(Material for this task)

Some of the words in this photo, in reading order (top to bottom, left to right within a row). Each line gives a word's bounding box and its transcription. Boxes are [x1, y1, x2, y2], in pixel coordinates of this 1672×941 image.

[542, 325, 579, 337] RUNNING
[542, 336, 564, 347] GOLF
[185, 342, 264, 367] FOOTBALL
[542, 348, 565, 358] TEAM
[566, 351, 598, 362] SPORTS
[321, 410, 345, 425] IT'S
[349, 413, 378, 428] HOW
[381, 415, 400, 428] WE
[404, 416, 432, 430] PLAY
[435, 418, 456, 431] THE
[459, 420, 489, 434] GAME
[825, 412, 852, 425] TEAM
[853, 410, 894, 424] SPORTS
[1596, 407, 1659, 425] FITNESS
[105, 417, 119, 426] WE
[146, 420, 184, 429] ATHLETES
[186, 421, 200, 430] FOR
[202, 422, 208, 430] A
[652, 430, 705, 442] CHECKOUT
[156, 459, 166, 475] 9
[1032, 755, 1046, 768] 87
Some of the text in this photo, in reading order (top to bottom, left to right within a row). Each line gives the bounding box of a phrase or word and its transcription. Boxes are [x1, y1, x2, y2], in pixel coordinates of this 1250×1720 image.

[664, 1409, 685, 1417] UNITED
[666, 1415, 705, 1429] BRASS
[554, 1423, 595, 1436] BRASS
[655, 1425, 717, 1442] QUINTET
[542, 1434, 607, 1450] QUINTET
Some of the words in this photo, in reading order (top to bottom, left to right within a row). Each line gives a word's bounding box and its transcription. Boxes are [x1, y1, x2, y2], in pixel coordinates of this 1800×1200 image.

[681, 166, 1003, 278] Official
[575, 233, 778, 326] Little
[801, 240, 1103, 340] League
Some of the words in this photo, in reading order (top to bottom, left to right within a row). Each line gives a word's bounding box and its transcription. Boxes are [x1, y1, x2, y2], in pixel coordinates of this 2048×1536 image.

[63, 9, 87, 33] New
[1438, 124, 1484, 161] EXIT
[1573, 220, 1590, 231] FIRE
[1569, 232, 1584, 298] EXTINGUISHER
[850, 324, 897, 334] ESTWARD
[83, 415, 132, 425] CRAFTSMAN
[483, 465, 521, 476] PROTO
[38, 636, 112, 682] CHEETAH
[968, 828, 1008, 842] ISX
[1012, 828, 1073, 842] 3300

(End Material for this task)

• _Task to complete_
Please output every line shown above exactly.

• _Solved exercise_
Some of the words in this photo, in reading order (top to bottom, left to right within a row). Each line gives a word's bounding box and its transcription. Boxes are [x1, y1, x2, y2], in pixel coordinates of this 1672×941 image.

[542, 325, 579, 337] RUNNING
[542, 336, 564, 347] GOLF
[185, 342, 264, 367] FOOTBALL
[542, 348, 565, 358] TEAM
[566, 351, 598, 362] SPORTS
[321, 410, 345, 425] IT'S
[349, 413, 378, 428] HOW
[381, 415, 400, 428] WE
[404, 416, 432, 430] PLAY
[435, 418, 456, 431] THE
[459, 420, 489, 434] GAME
[825, 412, 852, 425] TEAM
[853, 410, 894, 424] SPORTS
[1596, 407, 1659, 425] FITNESS
[105, 417, 119, 426] WE
[146, 420, 184, 429] ATHLETES
[186, 421, 200, 430] FOR
[202, 422, 208, 430] A
[652, 430, 705, 442] CHECKOUT
[156, 459, 166, 475] 9
[1032, 755, 1046, 768] 87
Some of the text in this photo, in reading order (top to bottom, left to right within a row). Each line gives the bounding box of a phrase or word and its transcription. Boxes are [x1, y1, x2, y2], in pixel coordinates of this 1250×1720 image.

[664, 1409, 685, 1417] UNITED
[666, 1415, 705, 1429] BRASS
[554, 1423, 595, 1436] BRASS
[655, 1425, 717, 1442] QUINTET
[542, 1434, 607, 1450] QUINTET
Some of the words in this photo, in reading order (top to bottom, left to right within a row). Each line gives a word's bounding box and its transcription. Boxes are [x1, y1, x2, y2], in pixel coordinates of this 1800×1200 image.

[681, 166, 1003, 278] Official
[575, 233, 778, 326] Little
[801, 240, 1103, 340] League
Some of the words in this photo, in reading order (top to bottom, left to right within a row). Each line gives a word's bounding box and its transcription. Boxes are [x1, y1, x2, y2], in pixel coordinates of this 2048×1536 image.

[63, 9, 87, 33] New
[1438, 124, 1484, 161] EXIT
[1573, 220, 1590, 231] FIRE
[1569, 232, 1584, 298] EXTINGUISHER
[850, 324, 897, 334] ESTWARD
[83, 415, 132, 425] CRAFTSMAN
[483, 465, 521, 476] PROTO
[38, 636, 112, 682] CHEETAH
[968, 828, 1008, 842] ISX
[1012, 828, 1073, 842] 3300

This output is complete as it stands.